Posted On: Mar 30, 2021
With AWS Glue DataBrew, you can now visually detect outliers in data from your data lake, data warehouses, and other JDBC-accessible data sources. You can further handle outliers by replacing, removing, rescaling, or flagging them using mathematical and algorithmic methods such as z-score (to find the difference from mean value and divide it by the standard deviation), modified z-score (to calculate the difference from median absolute deviation), interquartile ranges (to calculate values between the first quartile and the third quartile) and one or more transformations such as creating a flag column, applying window functions, or choose from over 250+ other transformations.

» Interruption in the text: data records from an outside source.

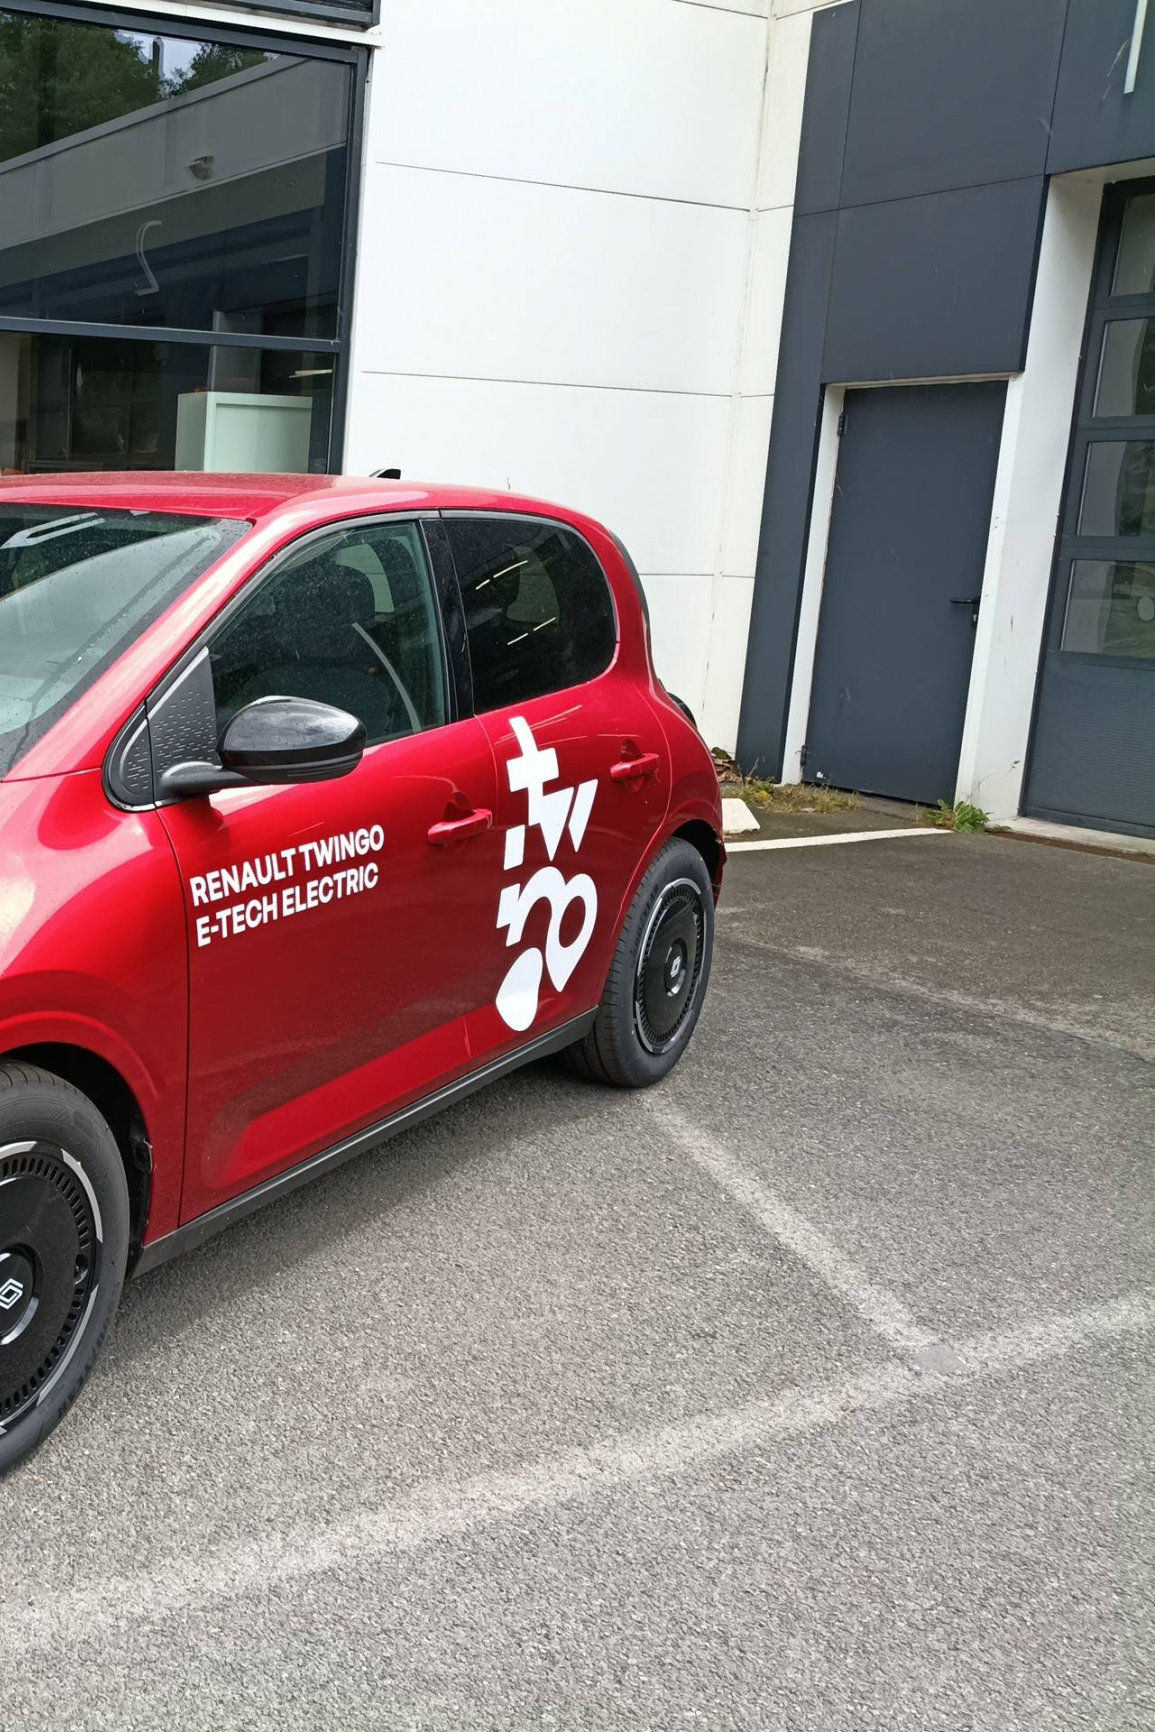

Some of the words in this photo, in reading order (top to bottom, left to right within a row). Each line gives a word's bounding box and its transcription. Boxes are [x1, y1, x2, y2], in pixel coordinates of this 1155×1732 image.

[189, 848, 296, 907] RENAULT
[299, 824, 385, 871] TWINGO
[196, 893, 278, 947] E-TECH
[282, 862, 379, 917] ELECTRIC
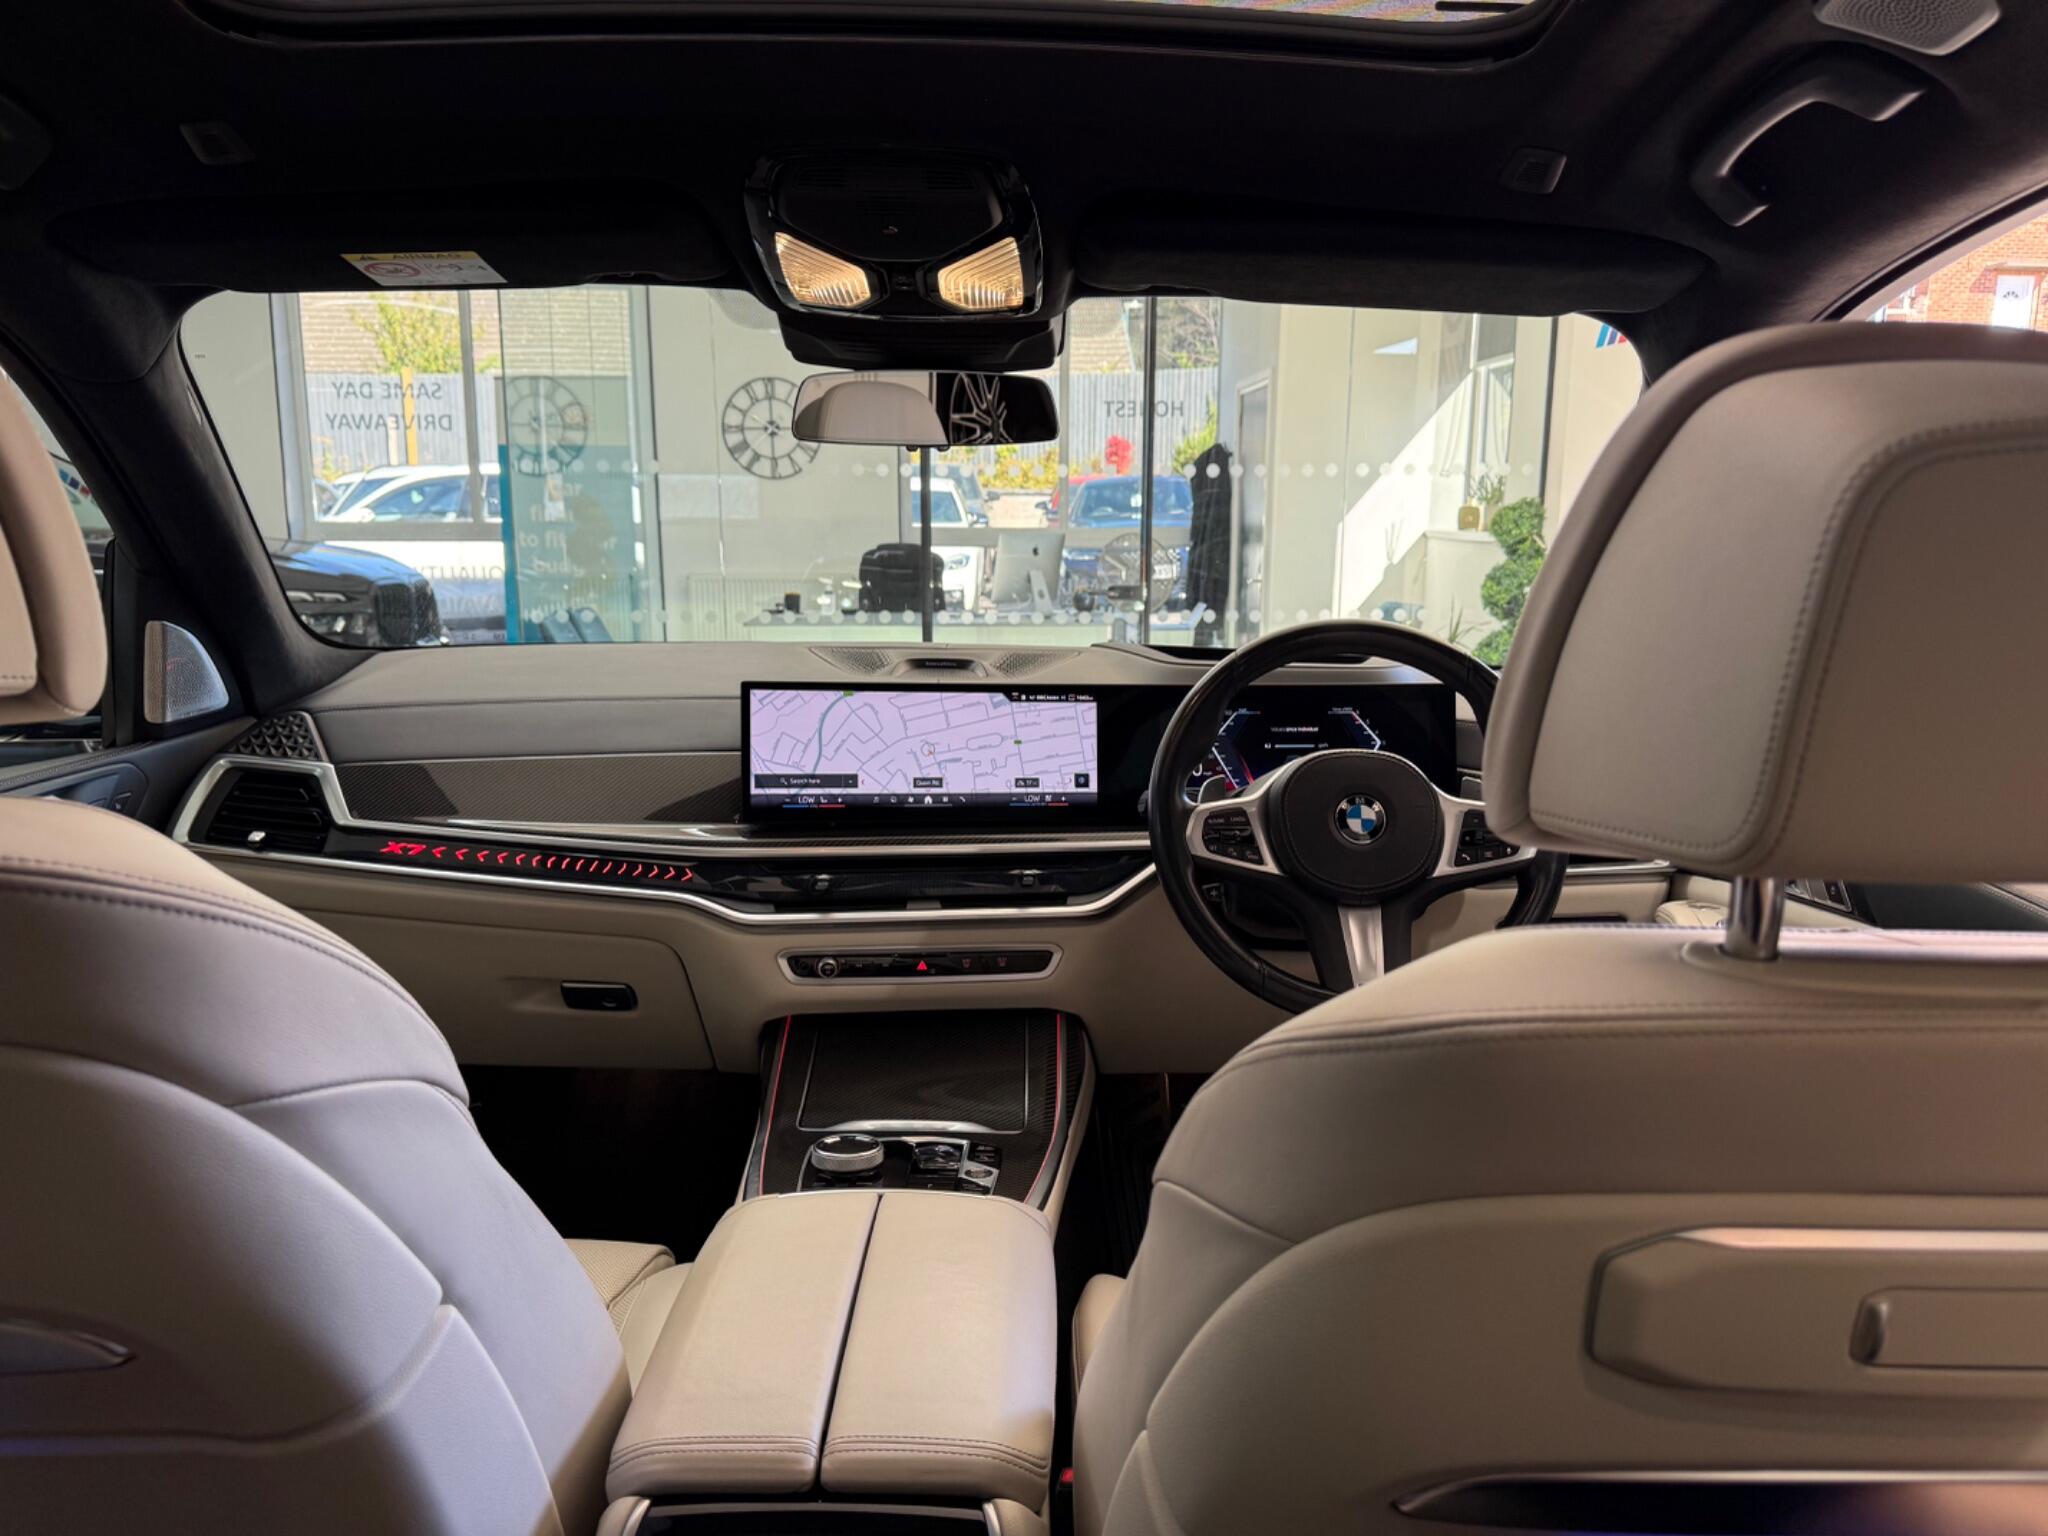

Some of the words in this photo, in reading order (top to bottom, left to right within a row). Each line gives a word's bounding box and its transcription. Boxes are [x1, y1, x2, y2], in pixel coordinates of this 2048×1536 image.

[798, 795, 816, 804] LOW
[1024, 794, 1041, 803] LOW
[379, 841, 427, 856] X7
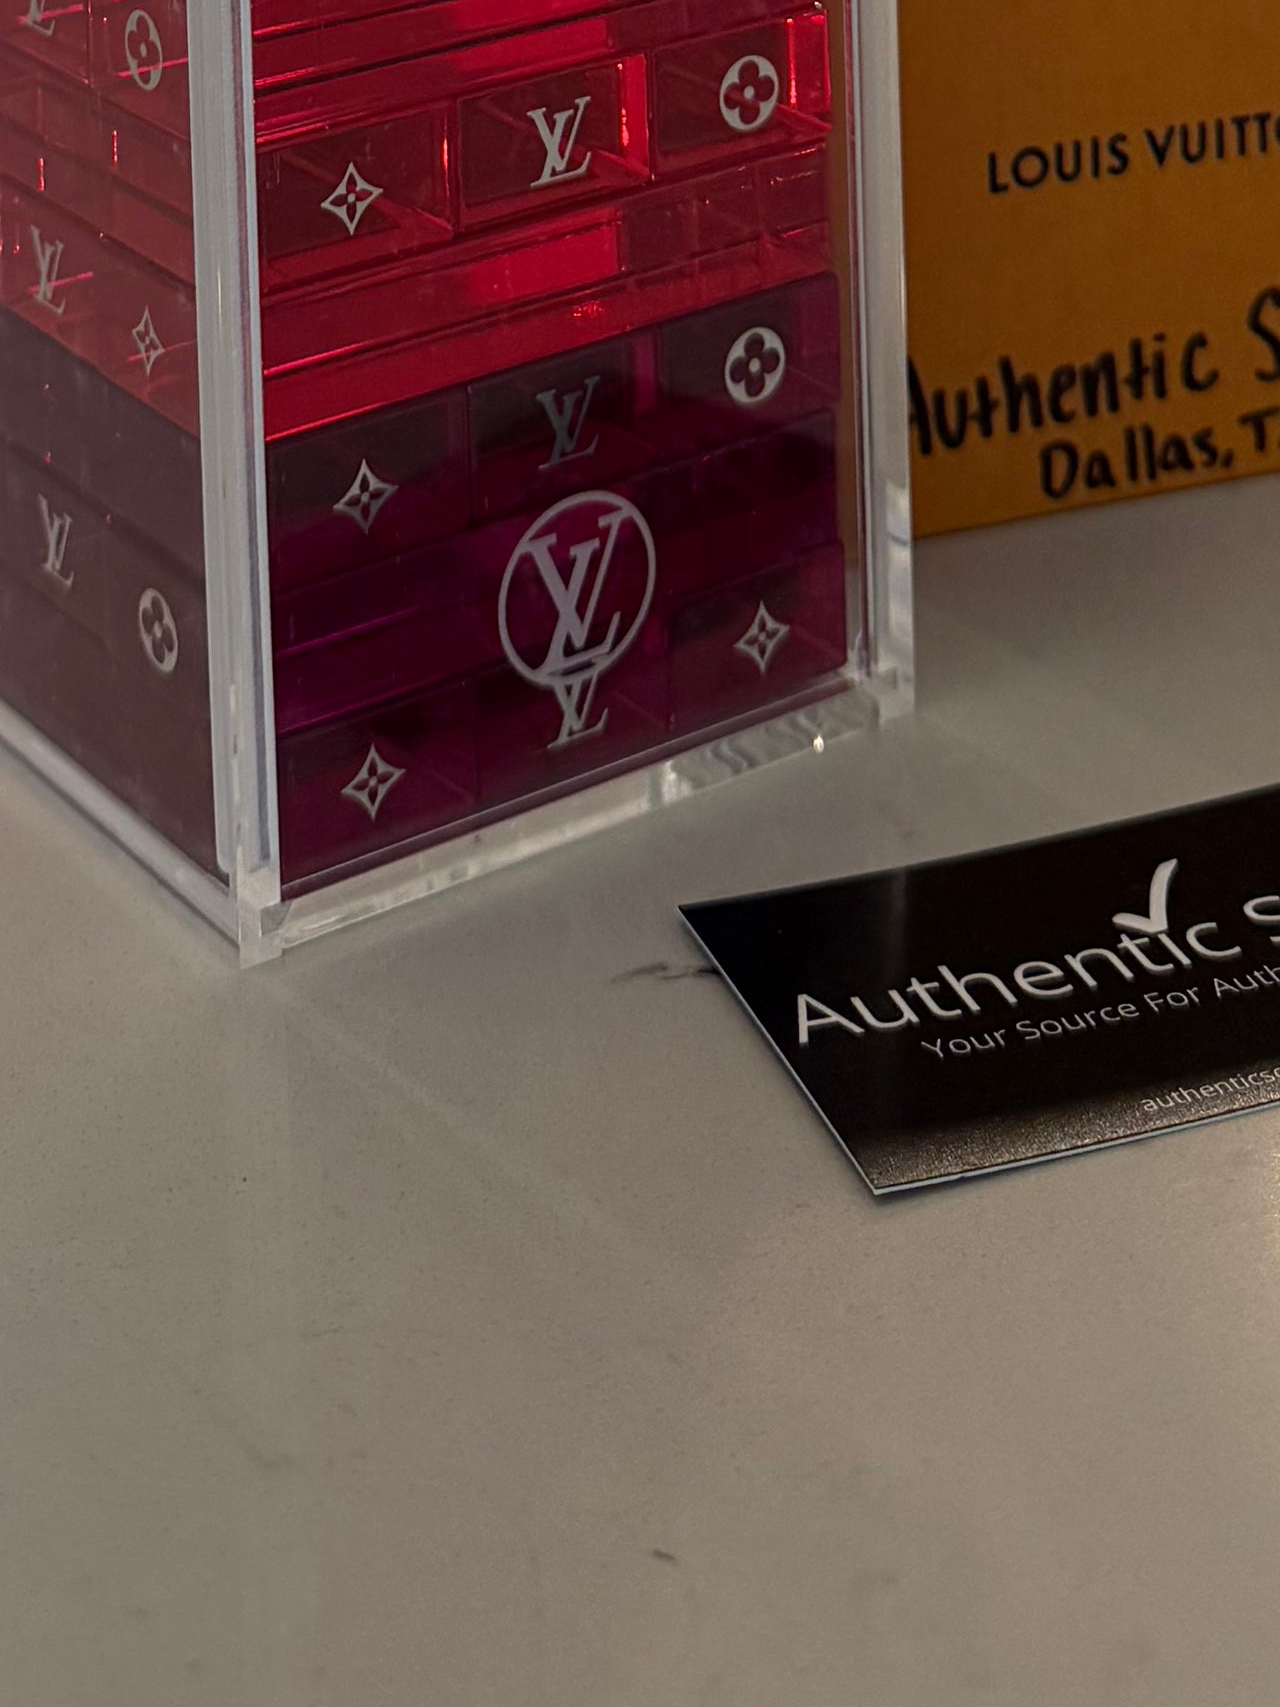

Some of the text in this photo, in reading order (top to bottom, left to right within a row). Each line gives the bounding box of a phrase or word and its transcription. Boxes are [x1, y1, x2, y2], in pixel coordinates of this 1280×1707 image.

[988, 134, 1129, 193] LOUIS
[796, 919, 1243, 1045] Authentic
[922, 1025, 1008, 1060] Your
[1016, 1000, 1139, 1041] Source
[1146, 985, 1200, 1013] For
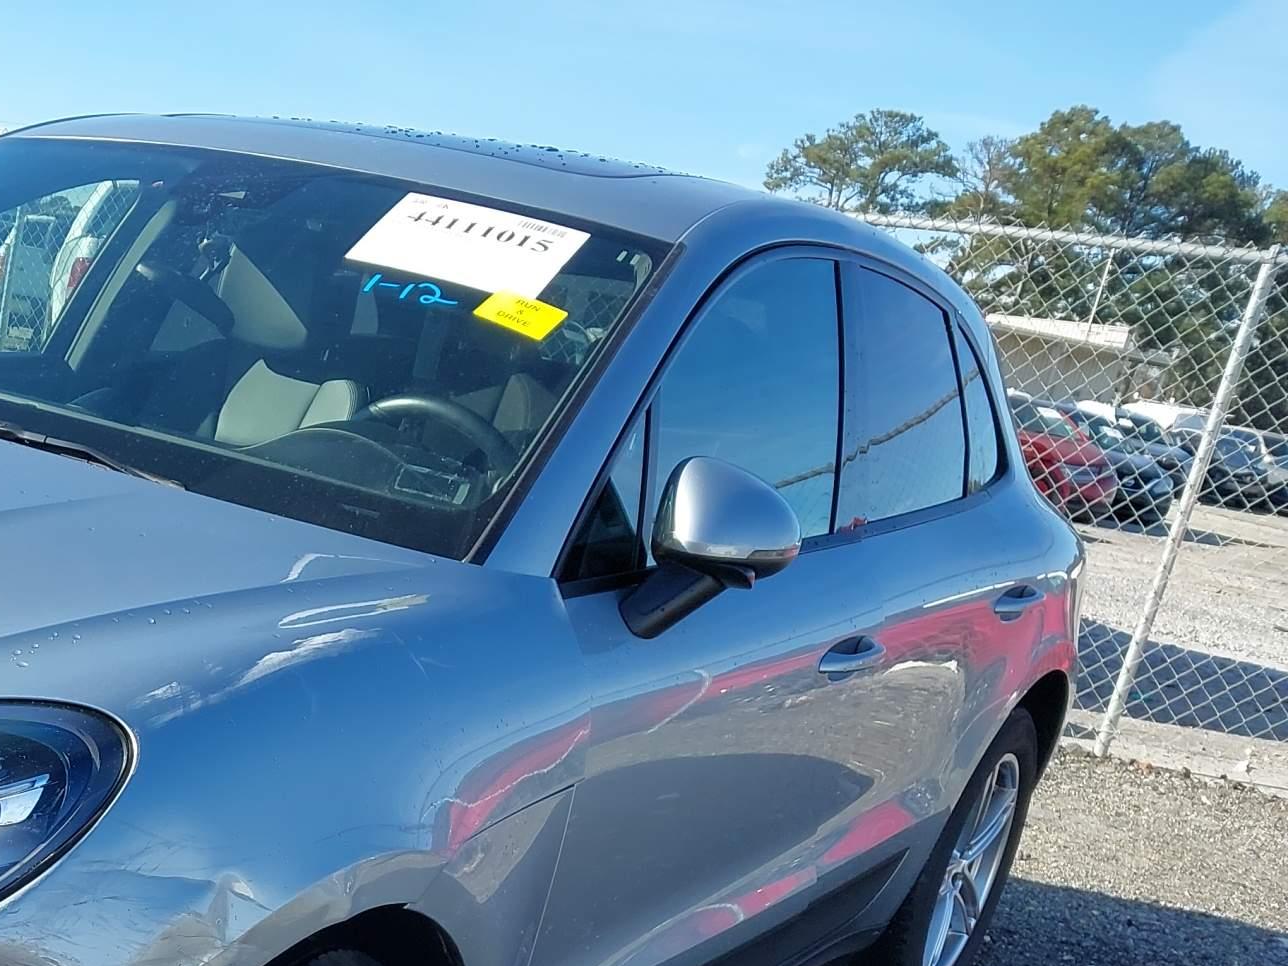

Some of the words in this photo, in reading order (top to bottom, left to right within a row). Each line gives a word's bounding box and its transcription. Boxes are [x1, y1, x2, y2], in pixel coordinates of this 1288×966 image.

[407, 210, 554, 253] 44111015
[363, 273, 459, 305] 1-12
[515, 299, 541, 312] RUN
[496, 310, 530, 328] DRIVE

For analytics and machine learning use cases, datasets often contain outliers with either valuable information or meaningless aberrations caused by measurement and recording errors. Including or excluding outliers in the datasets can directly impact the result of the analysis or machine learning models and the decisions made based on this data. When working with small samples of the data from your data lake and data warehouses, you have to slice and dice the data multiple times in code to detect and handle all outliers in the data because there is no visual way of looking at them. With DataBrew, now you can not only visually preview outliers in your dataset profiles but also handle them appropriately without writing any code.
AWS Glue DataBrew is a visual data preparation tool that makes it easy to clean and normalize data using 250+ pre-built transformations for data preparation, without the need to write any code.